Plus d’accusateurs, partant pas de juges. Le cœur de Gösta Berling se gonfla d’aise, et le sang coula légèrement dans ses veines. Il n’avait plus d’ennemis : il les avait désarmés au moment qu’il y pensait le moins, et dorénavant il pourrait continuer d’être leur pasteur !

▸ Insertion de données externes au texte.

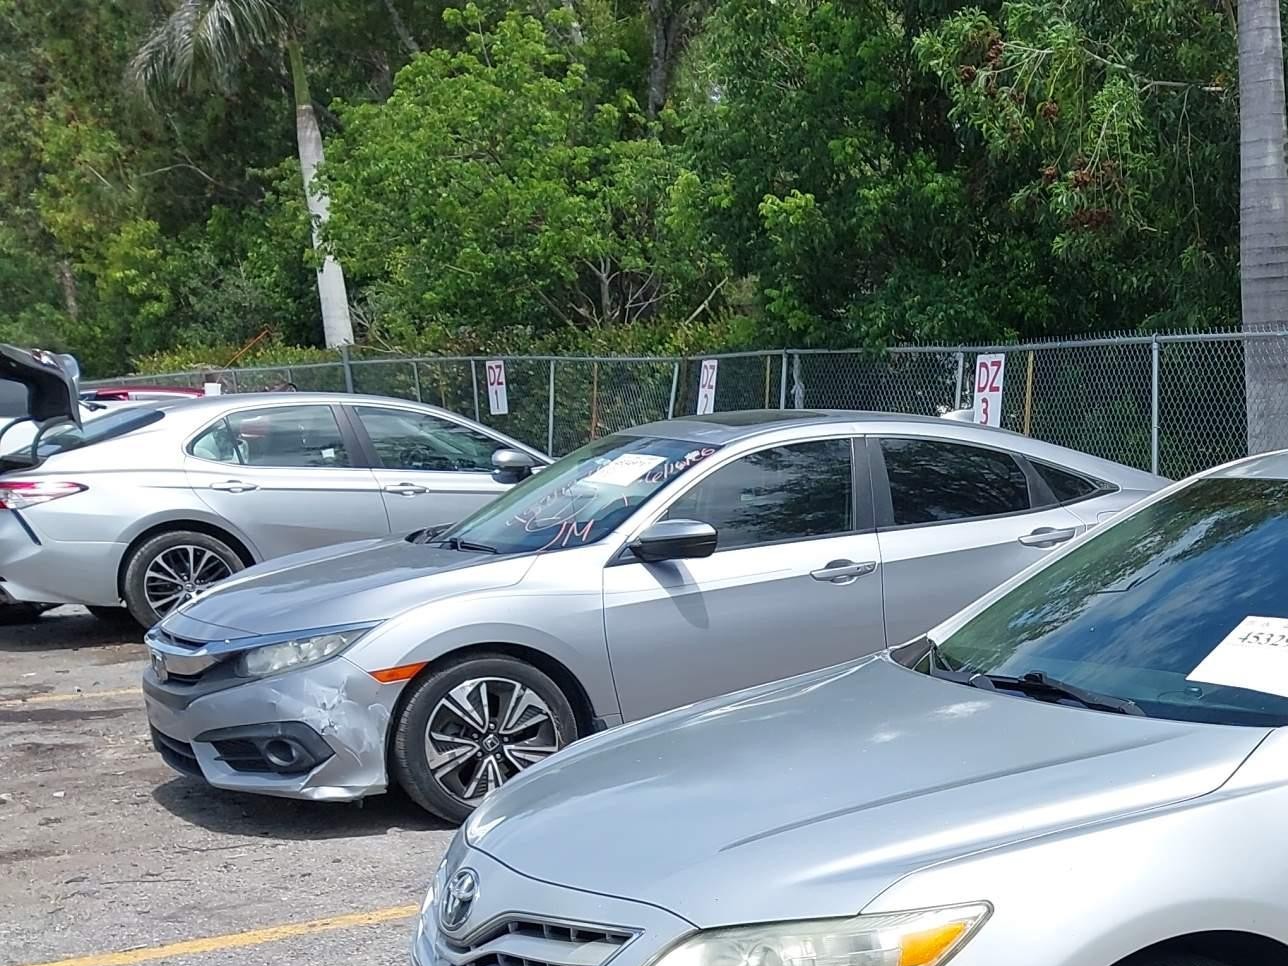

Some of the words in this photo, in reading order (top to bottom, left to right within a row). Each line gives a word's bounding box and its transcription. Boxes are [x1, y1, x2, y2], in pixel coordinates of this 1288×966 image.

[487, 364, 504, 386] DZ
[702, 364, 715, 389] DZ
[977, 360, 1001, 393] DZ
[979, 397, 989, 425] 3

Après le Conseil, l’Évêque et les théologiens et les curés et les principaux d’entre les membres de l’Assemblée dinèrent au presbytère. Une voisine s’était chargée des soins de la fête, car le pasteur était célibataire. Elle avait tout arrangé de son mieux, et, pour la première fois, Gösta s’aperçut que le presbytère n’était pas si lugubre. La longue table du dîner avait été dressée dehors, sous les sapins, et semblait inviter les hôtes avec sa nappe blanche, sa porcelaine bleue, ses verres étincelants et ses serviettes bien pliées. À l’entrée, deux bouleaux, remués par la brise, faisaient de profondes révérences. Du genévrier haché jonchait le vestibule. De l’auvent pendait une couronne de fleurs. Les bouquets qu’on avait mis dans toutes les pièces chassaient l’odeur de la moisissure, et les petits carreaux verts des fenêtres brillaient hardiment au soleil.

Et tout le monde fut de belle humeur à ce dîner. Ceux qui s’étaient montrés généreux et qui avaient pardonné étaient gais, et les gens d’église se félicitaient d’avoir évité le scandale. Le bon Évêque leva son verre et dit qu’il avait eu le cœur gros lorsqu’il s’était mis en route, car de mauvais bruits étaient venus jusqu’à lui. Il avait appréhendé de rencontrer un Saül, mais voici que le Saül était devenu un saint Paul qui les passerait tous en activité. Et le pieux vieillard loua grandement les dons que leur jeune confrère avait reçus en partage : non que ce dernier dût en tirer de l’orgueil ; mais plutôt pour qu’il se donnât tout entier à son ministère et se tînt toujours sur ses gardes, comme un homme qui marche avec un fardeau précieux.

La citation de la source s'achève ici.